When a site designs an API, what they usually do is take their internal data model and expose every nook and cranny in it in great detail. Obviously, this fits their view of the world, or they wouldn't have built it that way, so they want to share this with everyone. In one way this is like the form-fitting lycra that weekend cyclists are so enamoured of, but working with such APIs is like being a bespoke tailor - you have to measure them carefully, and cut your code exactly right to fit in with their shapes, and the effort is the same for every site you have to deal with (you get more skilled at it over time, but it is a craft nonetheless).
Conversely, when a site adopts a standard format for expressing their data, or how to interact with it, you can put your code together once, try it out on some conformance tests, and be sure it will work across a wide range of different sites - it's like designing a t-shirt for threadless instead.

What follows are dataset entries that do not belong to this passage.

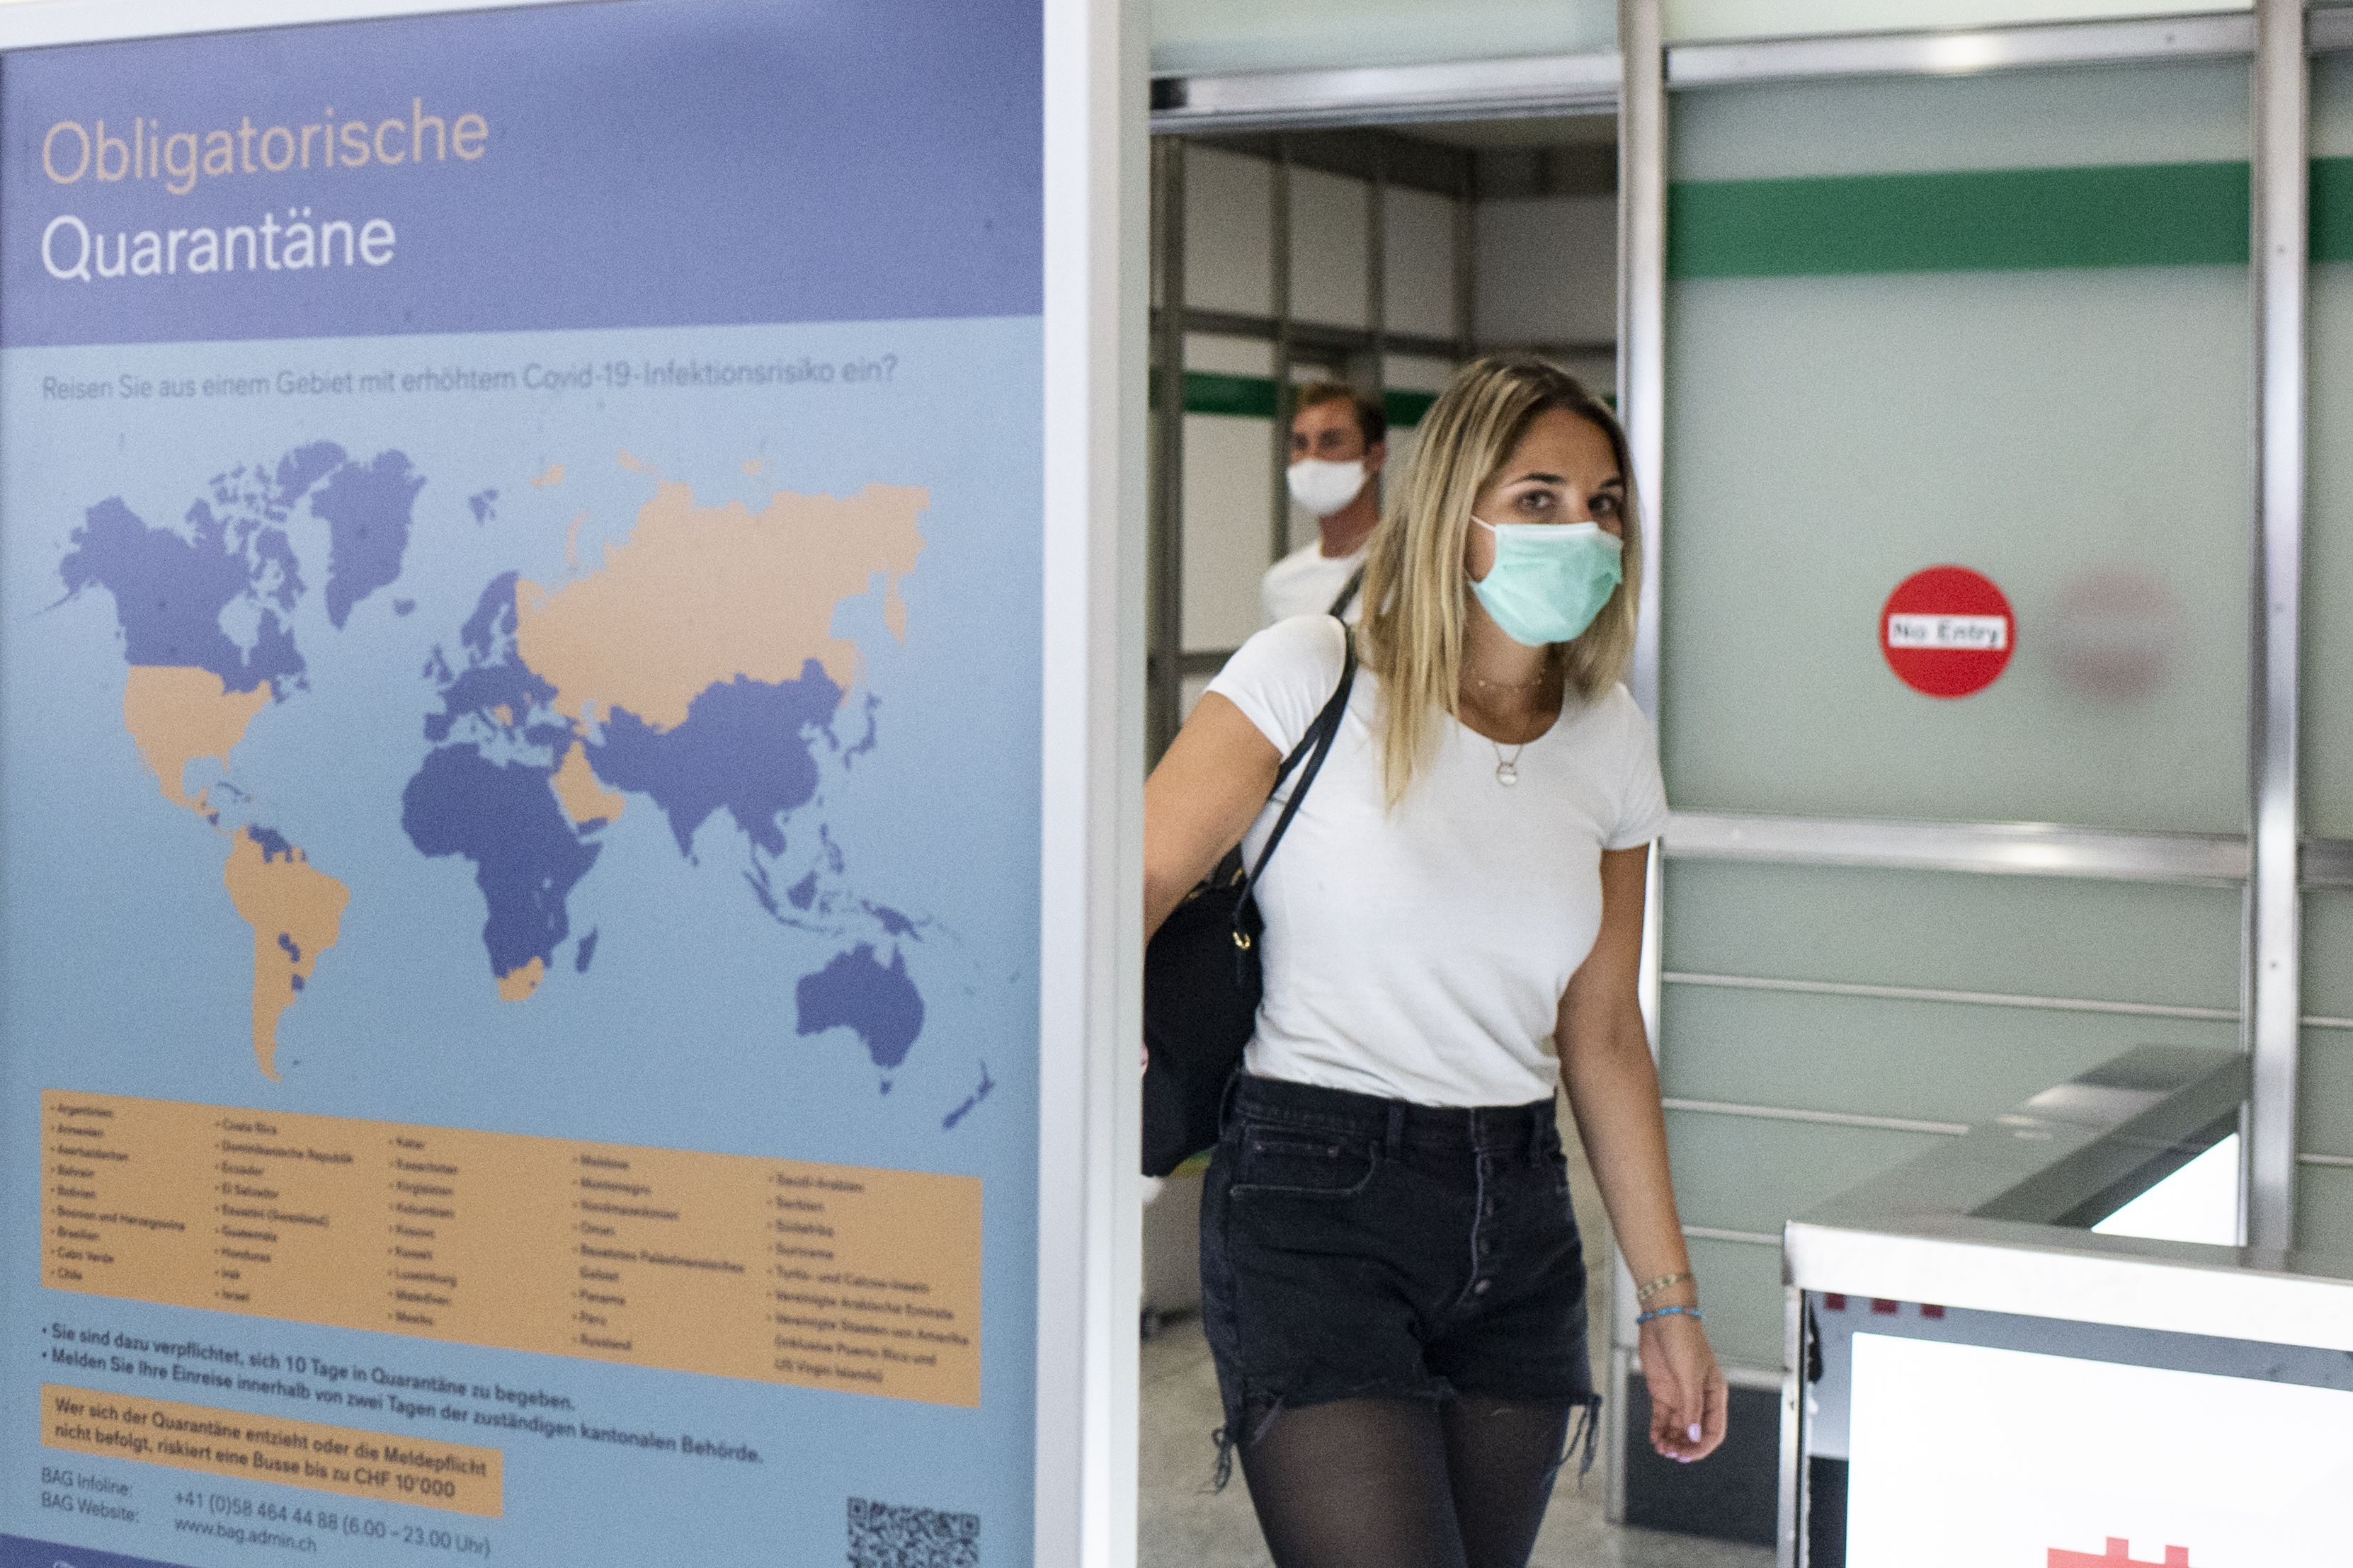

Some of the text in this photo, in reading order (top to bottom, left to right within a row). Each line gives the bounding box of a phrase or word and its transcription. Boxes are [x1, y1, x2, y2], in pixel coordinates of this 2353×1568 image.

[42, 96, 490, 196] Obligatorische
[41, 207, 397, 283] Quarantäne
[42, 353, 899, 400] Reisen Sie aus einem Gebiet mit erhöhtem Covid-19-Infektionsrisiko ein?
[1894, 622, 2000, 648] No Entry
[52, 1322, 576, 1412] Sie sind dazu verpflichtet, sich 10 Tage in Quarantäne zu begeben.
[52, 1346, 765, 1465] Melden Sie Ihre Einreise innerhalb von zwei Tagen der zuständigen kantonalen Behörde.
[55, 1396, 488, 1478] Wer sich der Quarantäne entzieht oder die Meldepflicht
[41, 1466, 133, 1497] BAG Infoline:
[55, 1422, 92, 1442] nicht
[94, 1428, 154, 1455] befolgt,
[157, 1438, 212, 1462] riskiert
[215, 1446, 249, 1466] eine
[251, 1449, 300, 1475] Busse
[304, 1458, 329, 1479] bis
[332, 1467, 352, 1483] zu
[353, 1466, 391, 1487] CHF
[41, 1490, 139, 1524] BAG Website:
[174, 1489, 205, 1509] +41
[207, 1492, 253, 1517] (0)58
[256, 1504, 287, 1523] 464
[292, 1506, 313, 1527] 44
[317, 1510, 338, 1531] 88
[341, 1513, 387, 1539] (6.00
[402, 1524, 452, 1550] 23.00
[455, 1533, 492, 1560] Uhr)
[174, 1517, 319, 1554] www.bag.admin.ch
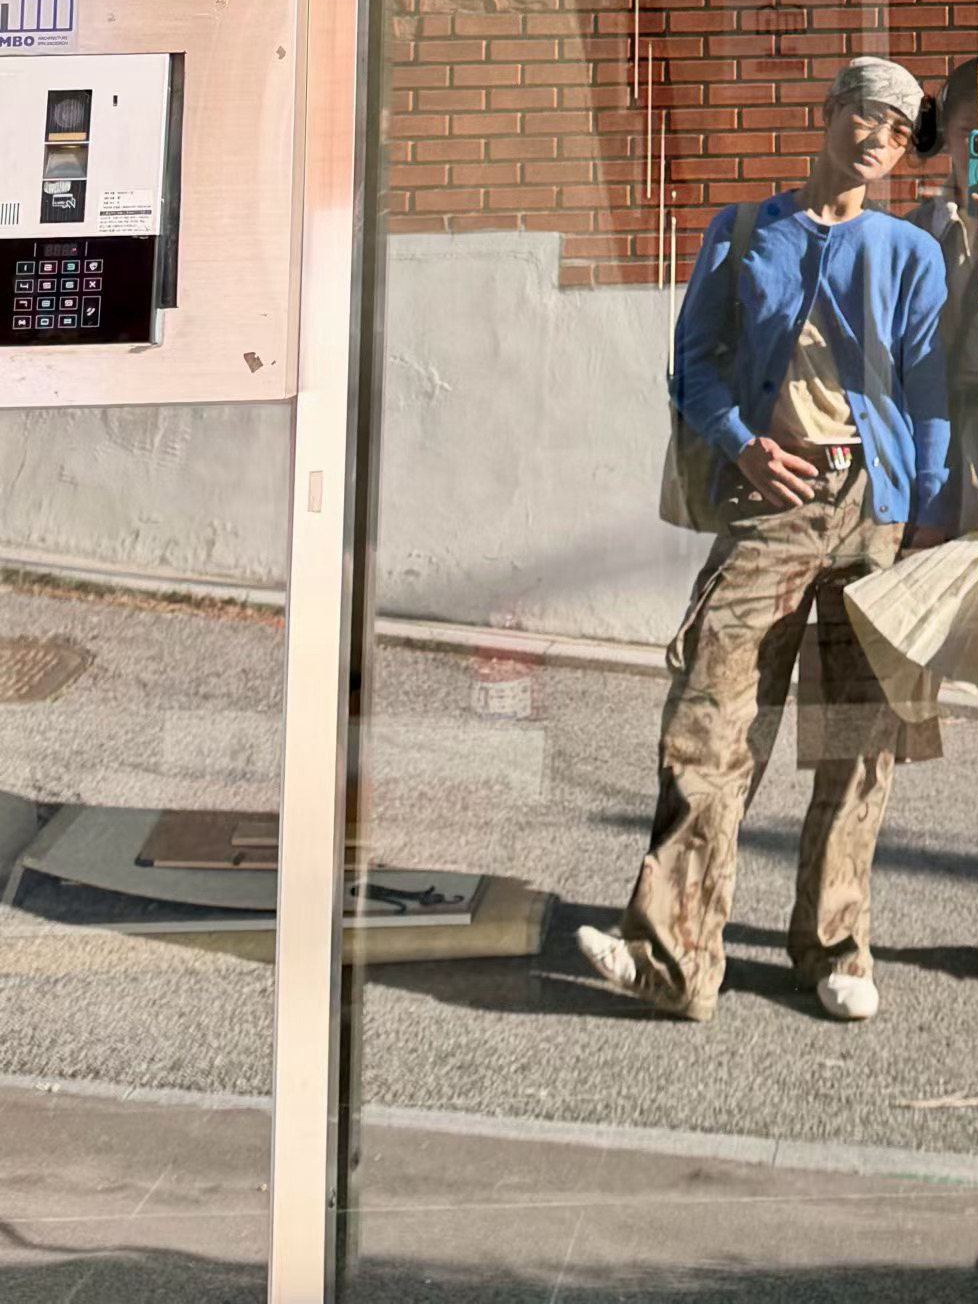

Putting together such standards, like HTML5, OpenID, OAuth or OpenSocial or, for Dave's example of reviews, hReview, takes more thought and reflection than just replicating your own internal data structures, but the payoff is that implementations can interoperate without knowing of each others' existence, let alone having to have a business relationship.
I had this experience at work recently, when the developers of the Korean Social network idtail visited. I was expecting to talk to them about implementing OpenSocial on their site, but they said they had already implemented an OpenSocial container and apps using OpenID login, and built their own developer site for Korean OpenSocial developers from reading the specification docs.
I'm looking forward to more 'aha' moments like that this week at I/O.